_Problem description:_ Retype each record below word for word. Leave the pictures out.

Stored data:
BEGIN

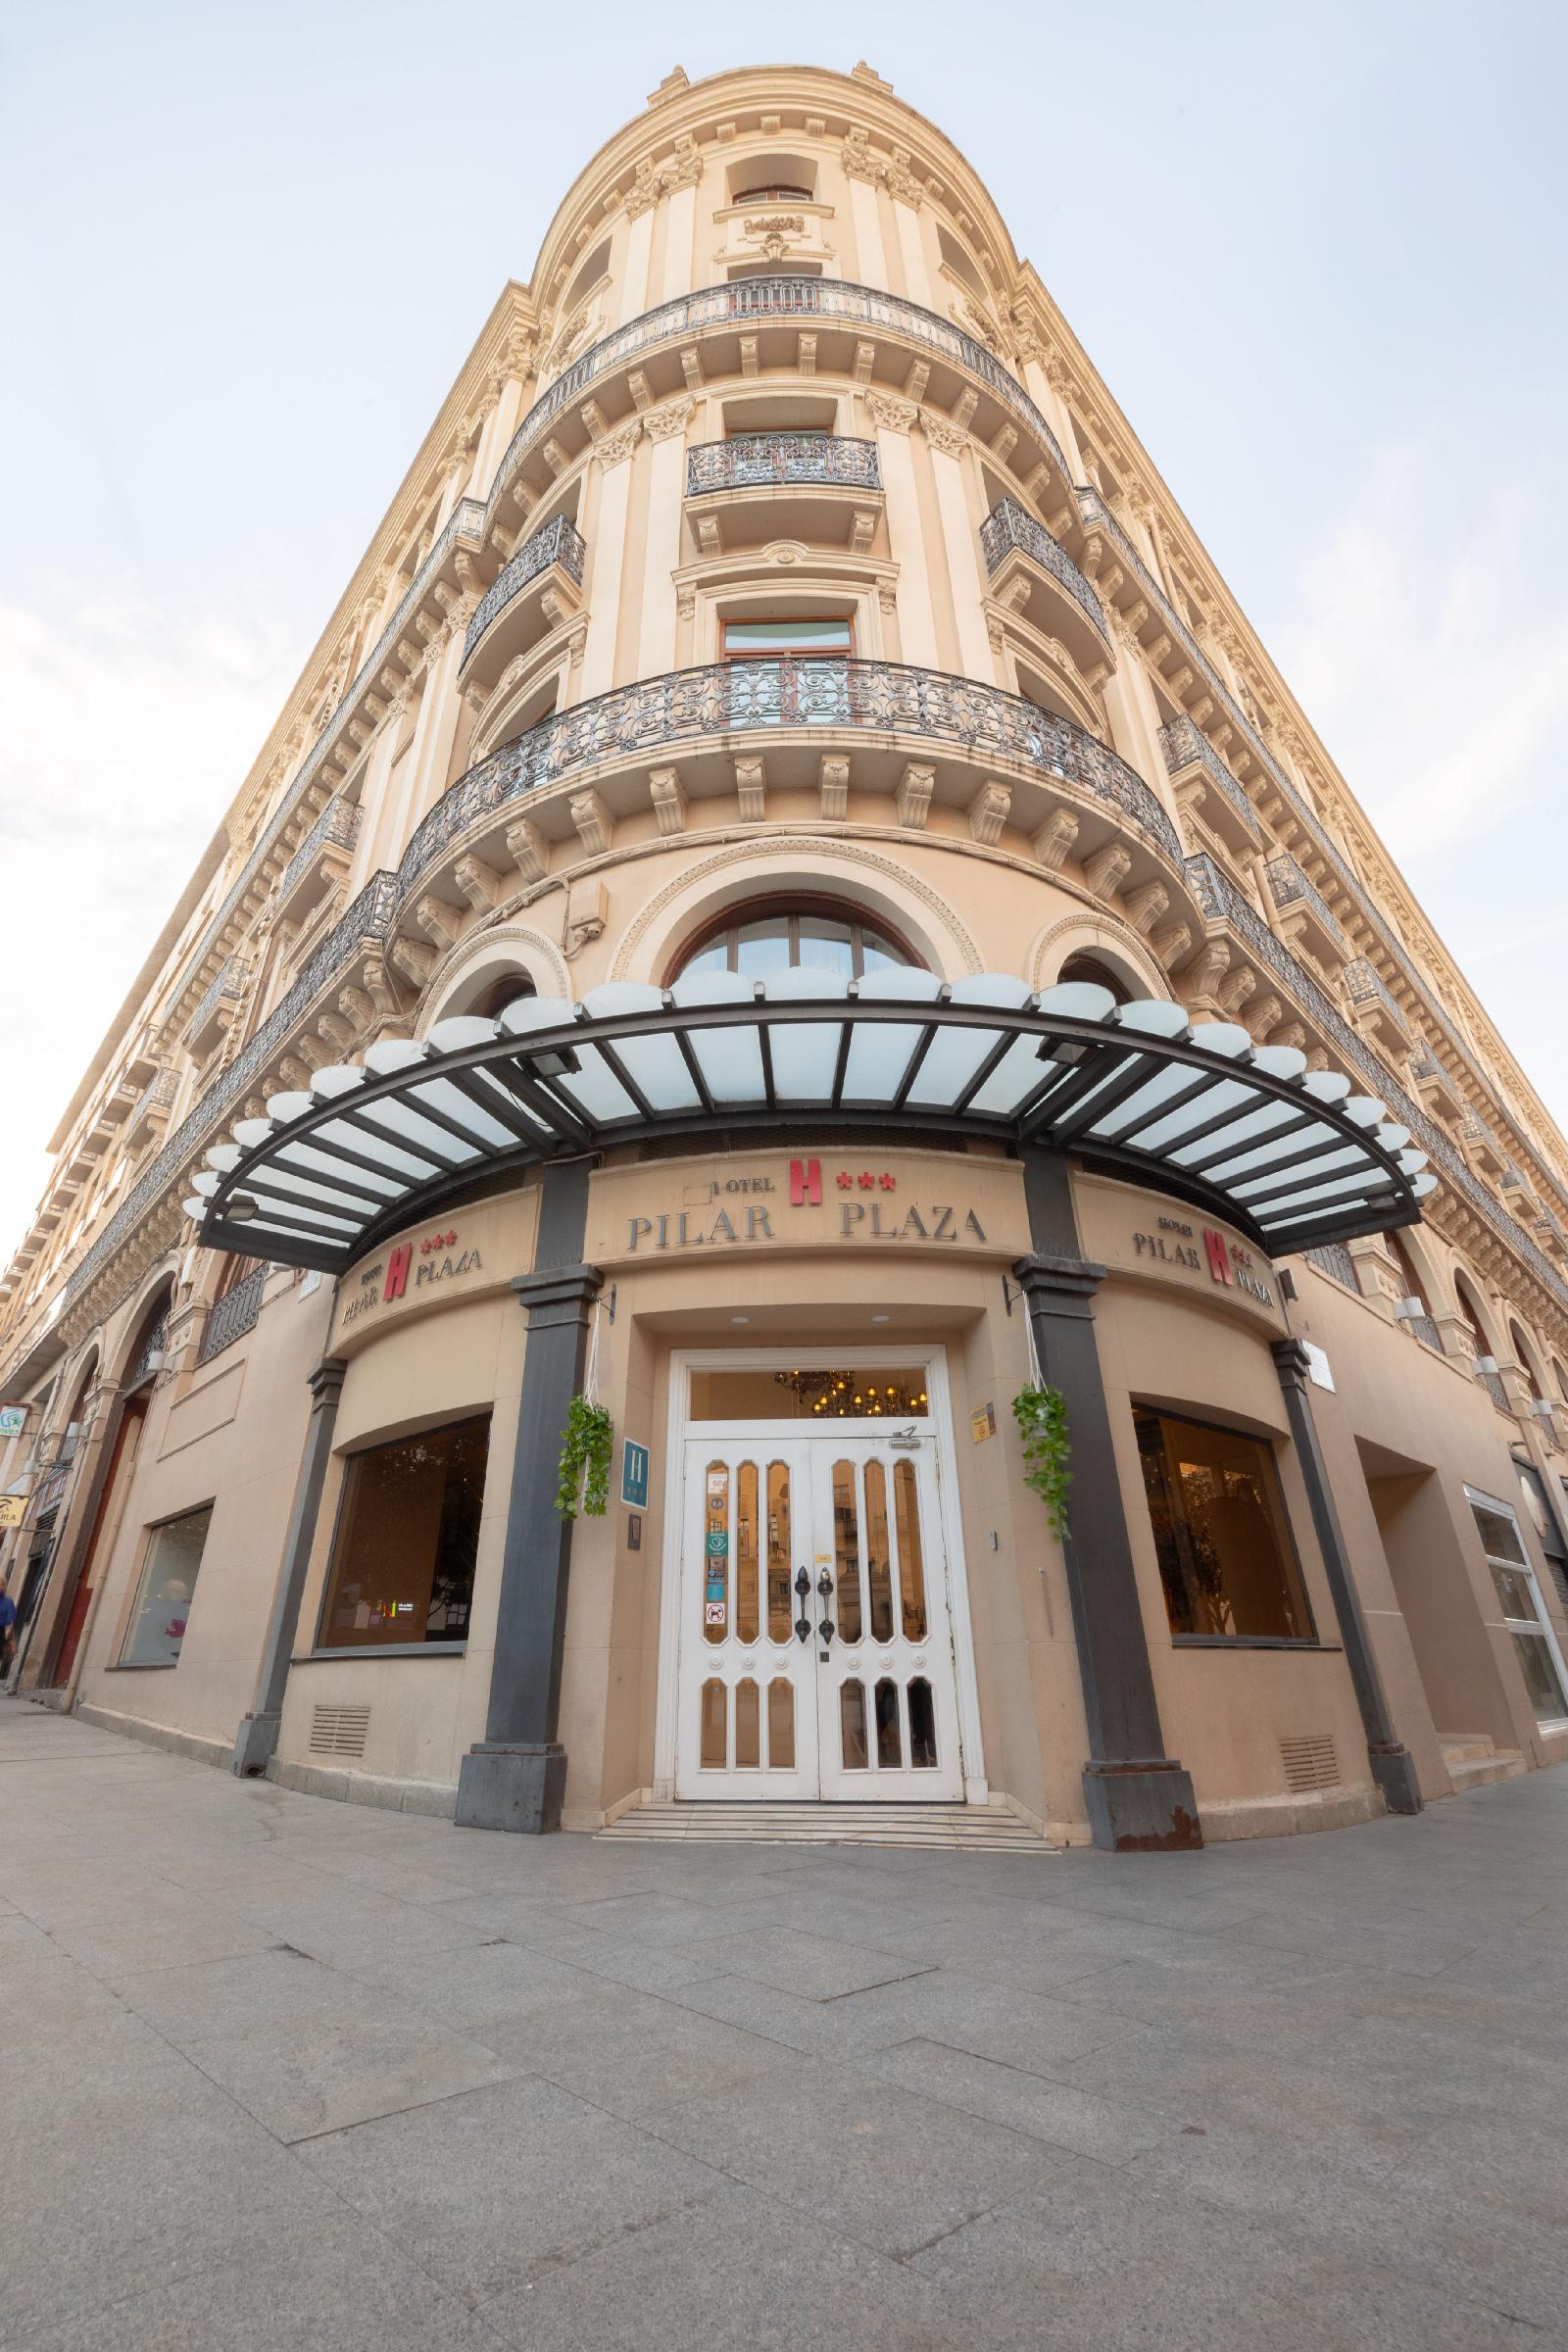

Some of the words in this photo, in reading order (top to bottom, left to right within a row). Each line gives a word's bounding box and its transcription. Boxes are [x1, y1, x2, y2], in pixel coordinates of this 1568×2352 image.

[627, 1205, 775, 1251] PILAR
[838, 1202, 988, 1241] PLAZA
[415, 1248, 482, 1287] PLAZA
[1133, 1232, 1201, 1271] PILAR
[630, 1449, 643, 1484] H

END

_Answer box:_
Some of the words in this photo, in reading order (top to bottom, left to right within a row). Each line gives a word's bounding box and its transcription. Boxes are [x1, y1, x2, y2], in pixel coordinates of this 1568×2352 image.

[627, 1205, 775, 1251] PILAR
[838, 1202, 988, 1241] PLAZA
[415, 1248, 482, 1287] PLAZA
[1133, 1232, 1201, 1271] PILAR
[630, 1449, 643, 1484] H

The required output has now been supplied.